▶ WORK ORDER:
"Some of the text" appears in one line; retype that line and all lines following it through the end of the records, with nothing left out or added.

▶ MATERIAL PROVIDED:
::::::
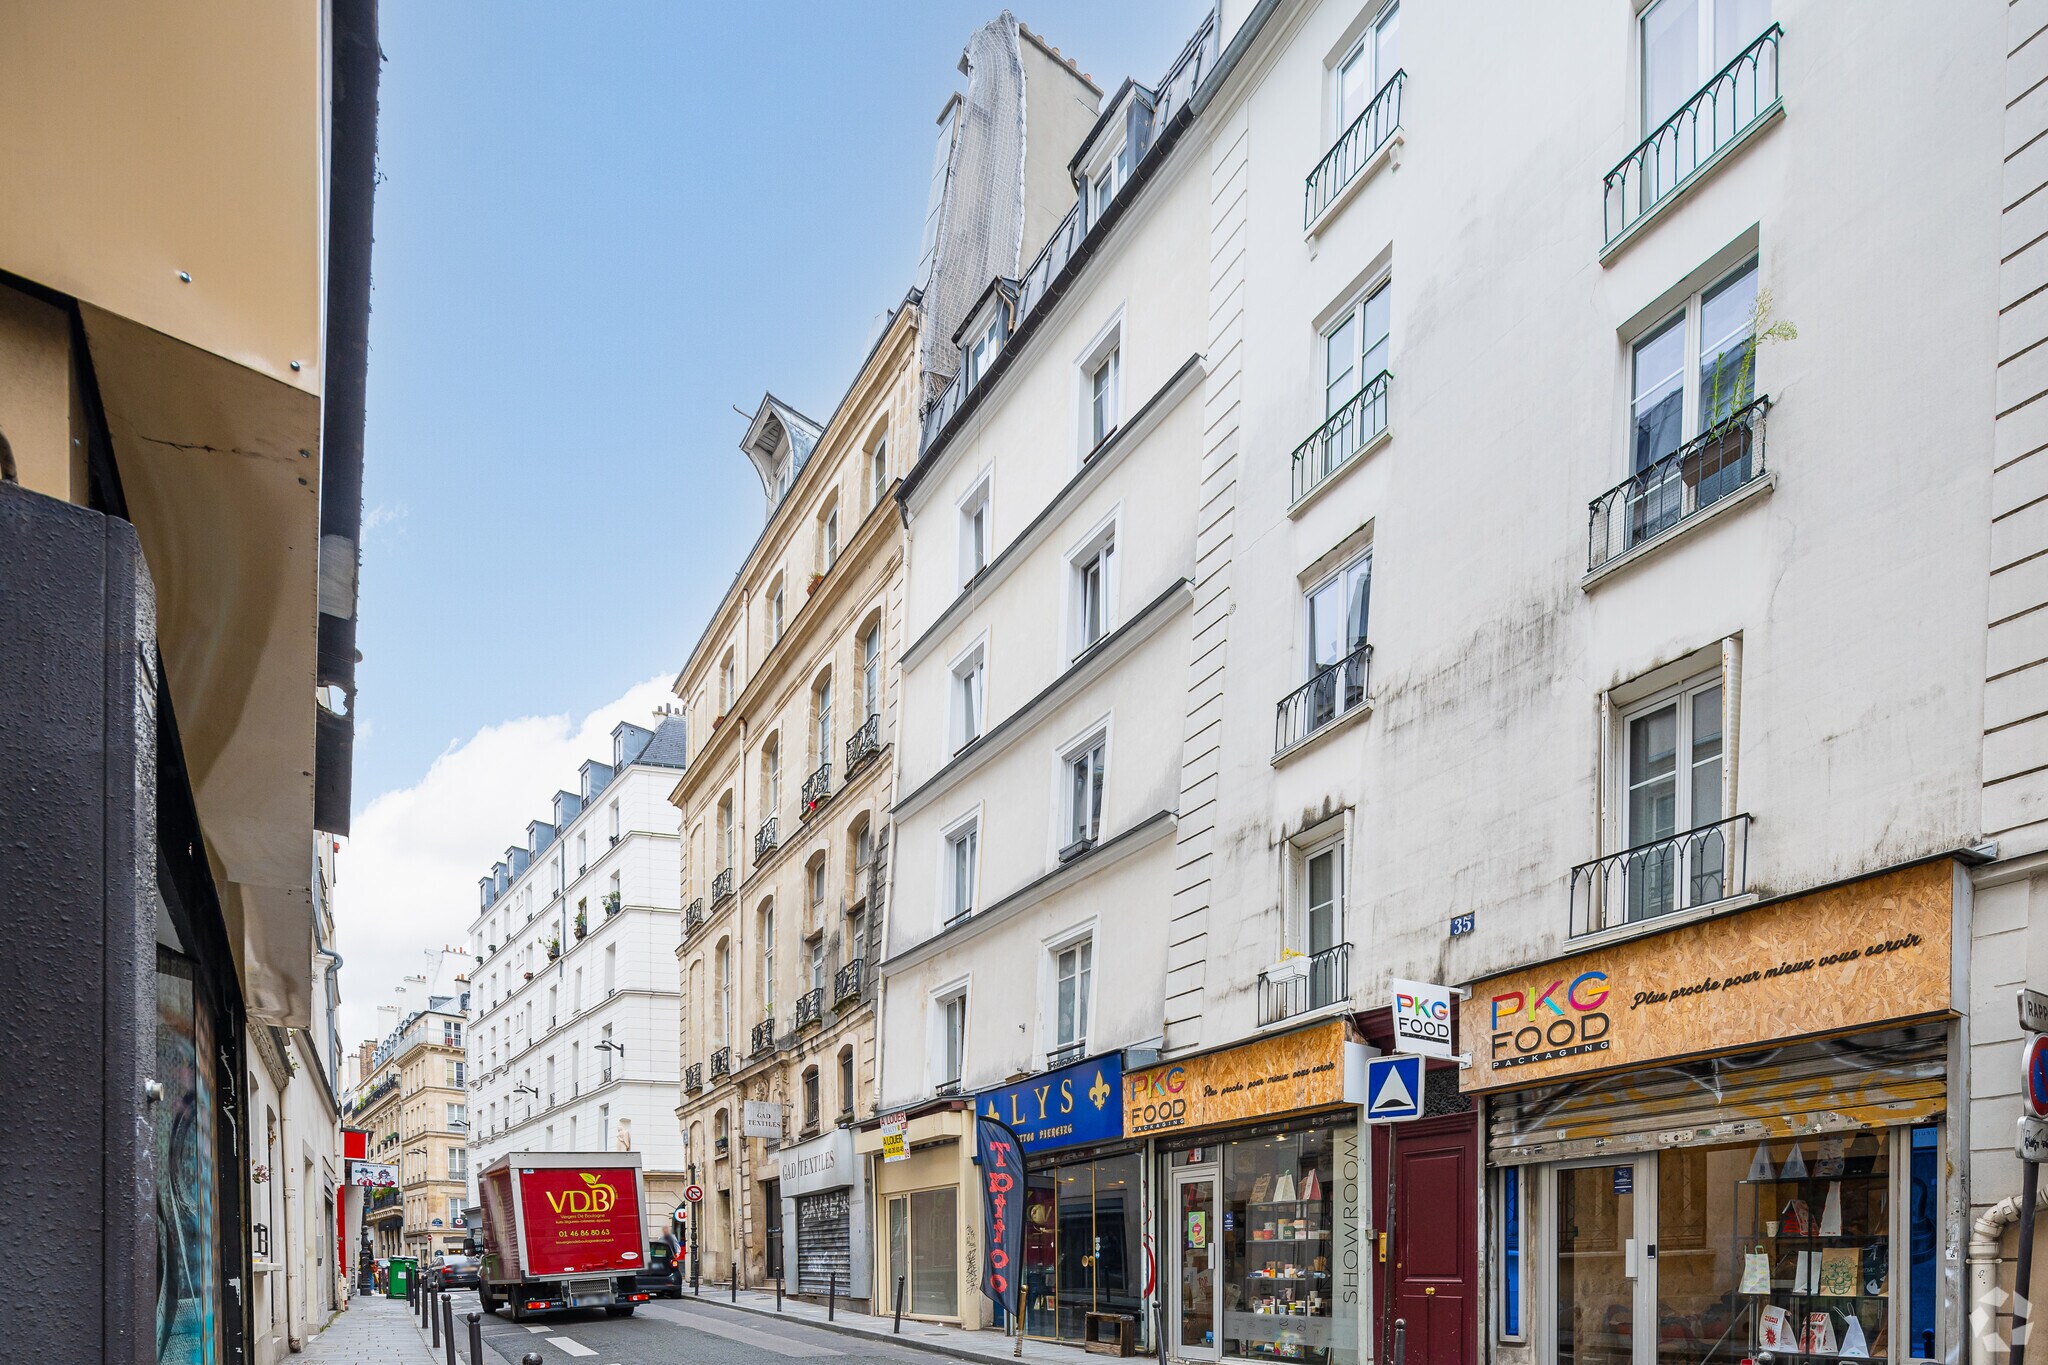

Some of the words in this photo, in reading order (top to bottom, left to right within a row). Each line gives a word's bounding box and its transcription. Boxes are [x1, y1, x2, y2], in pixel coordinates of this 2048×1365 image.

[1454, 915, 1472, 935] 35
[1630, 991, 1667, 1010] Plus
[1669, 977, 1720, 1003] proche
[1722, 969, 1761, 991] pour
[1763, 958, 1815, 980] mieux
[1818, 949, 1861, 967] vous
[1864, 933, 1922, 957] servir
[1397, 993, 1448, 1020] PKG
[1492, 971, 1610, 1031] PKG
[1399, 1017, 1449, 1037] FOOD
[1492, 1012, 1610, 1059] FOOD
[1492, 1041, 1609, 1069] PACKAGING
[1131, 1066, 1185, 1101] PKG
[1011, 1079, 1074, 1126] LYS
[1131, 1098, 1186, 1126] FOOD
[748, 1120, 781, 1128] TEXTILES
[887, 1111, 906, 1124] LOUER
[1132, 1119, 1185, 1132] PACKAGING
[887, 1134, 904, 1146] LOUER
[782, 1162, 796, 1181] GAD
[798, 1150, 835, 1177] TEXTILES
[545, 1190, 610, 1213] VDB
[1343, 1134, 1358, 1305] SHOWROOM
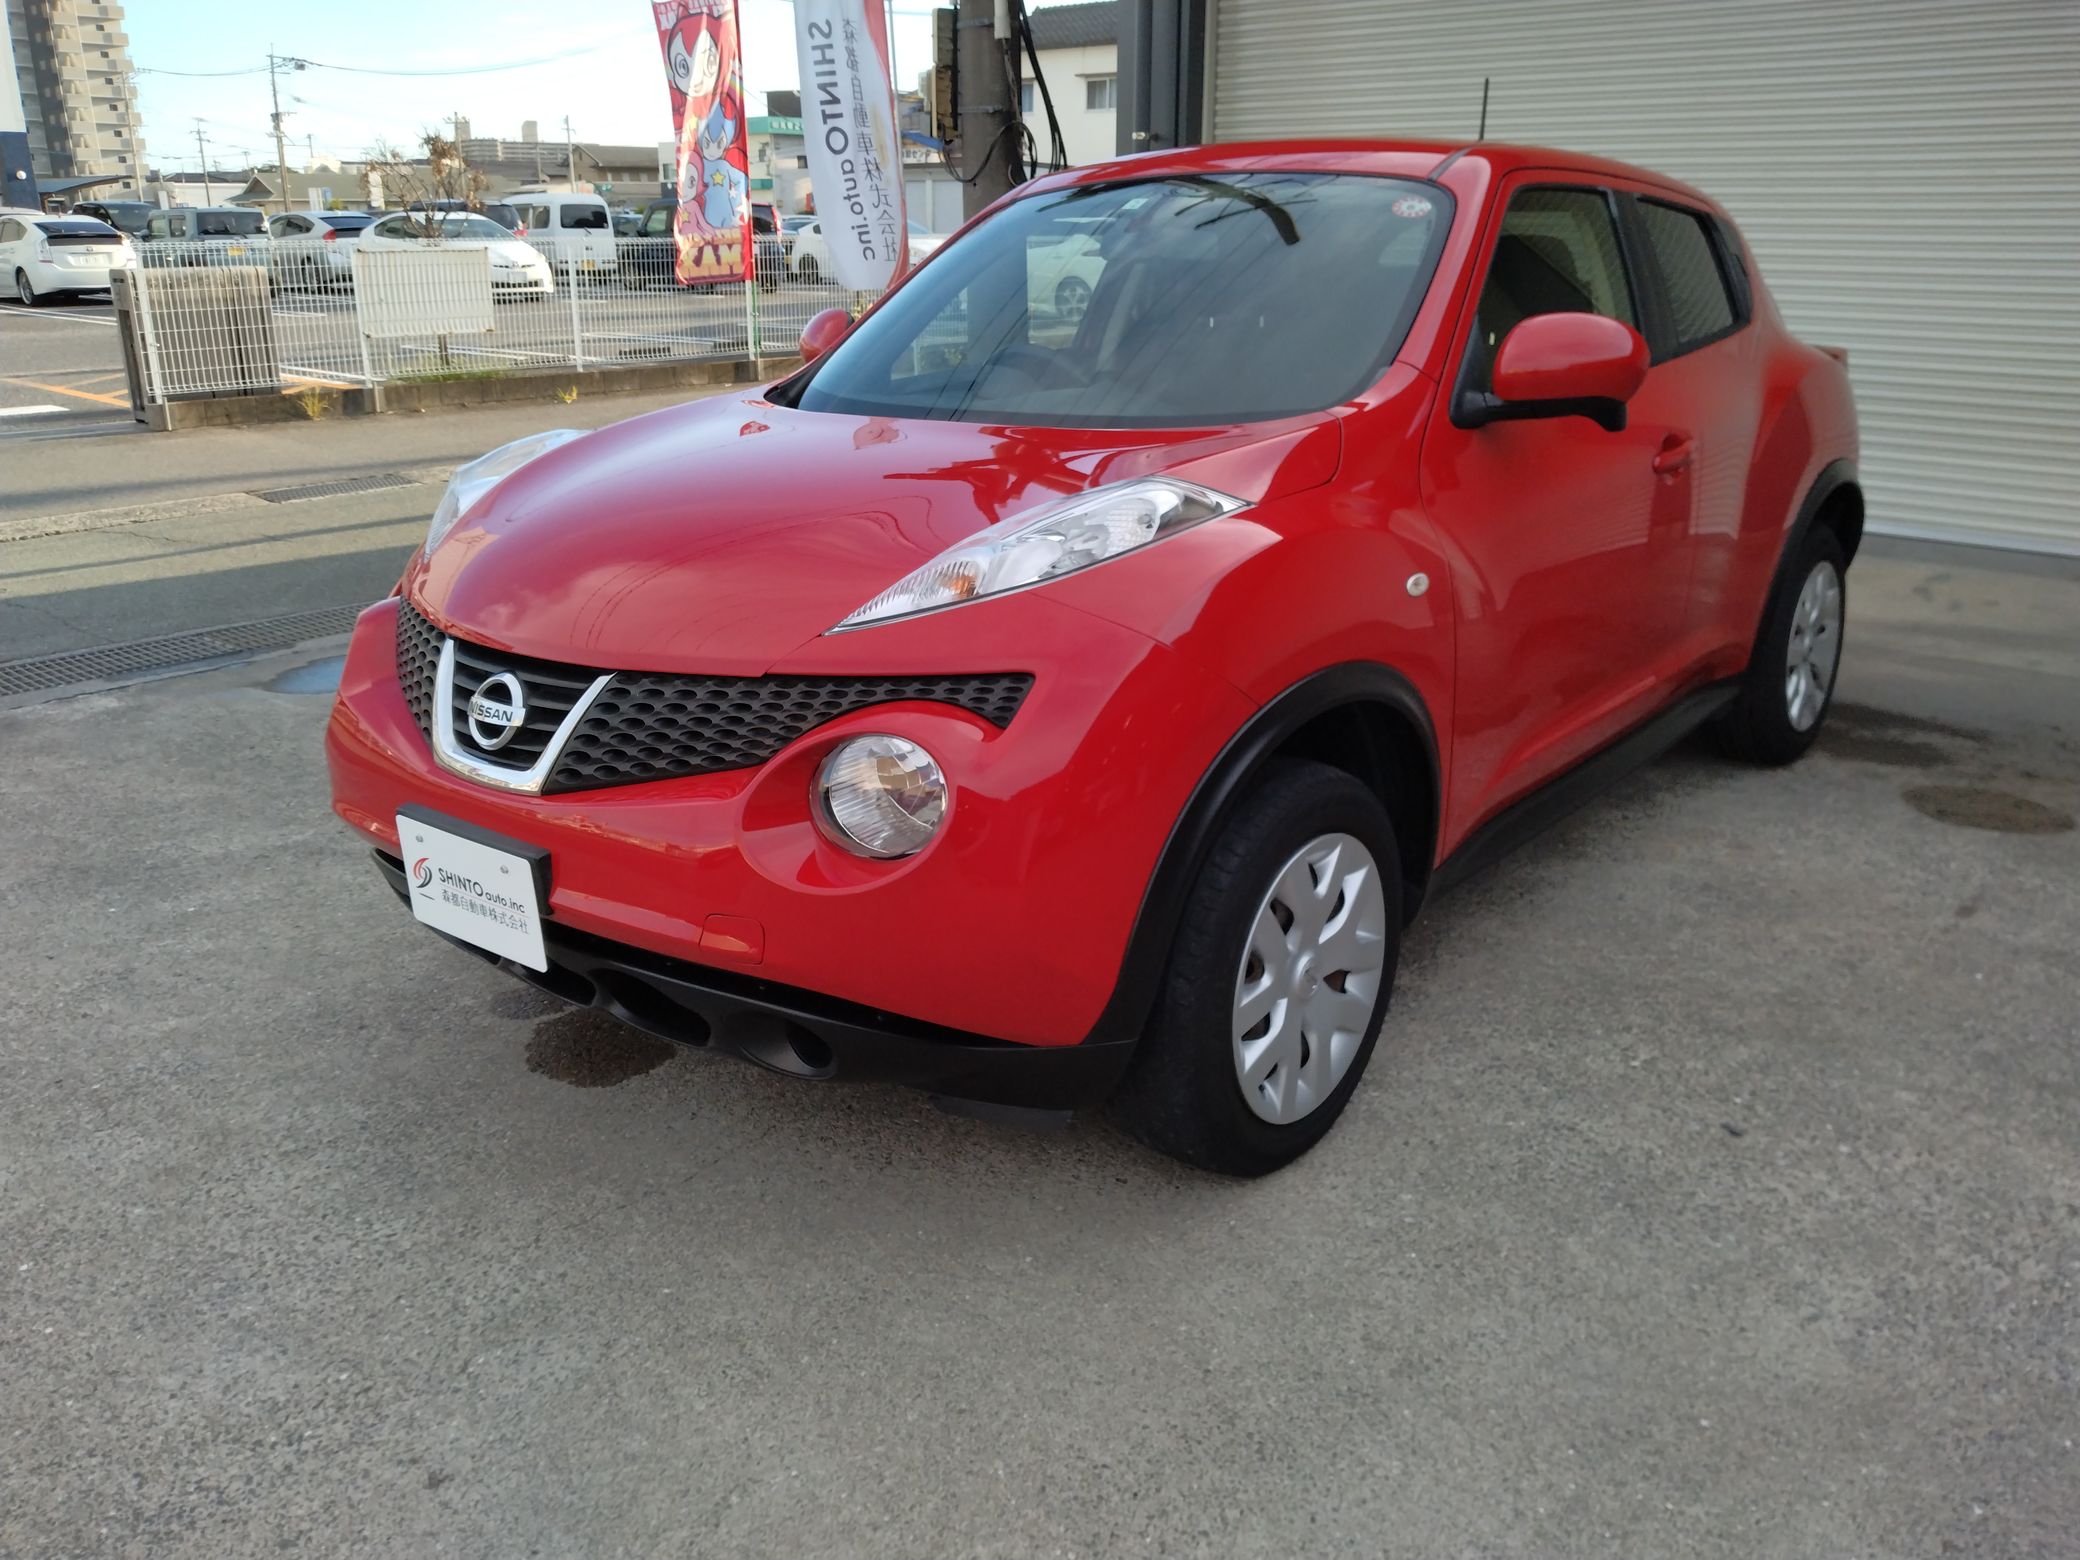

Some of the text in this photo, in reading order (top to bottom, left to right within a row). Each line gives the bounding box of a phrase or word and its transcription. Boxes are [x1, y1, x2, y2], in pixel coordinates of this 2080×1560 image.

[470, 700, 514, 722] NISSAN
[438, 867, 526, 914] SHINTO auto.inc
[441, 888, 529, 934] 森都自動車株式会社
::::::
▶ RESULT OF THIS TASK:
Some of the text in this photo, in reading order (top to bottom, left to right within a row). Each line gives the bounding box of a phrase or word and its transcription. Boxes are [x1, y1, x2, y2], in pixel coordinates of this 2080×1560 image.

[470, 700, 514, 722] NISSAN
[438, 867, 526, 914] SHINTO auto.inc
[441, 888, 529, 934] 森都自動車株式会社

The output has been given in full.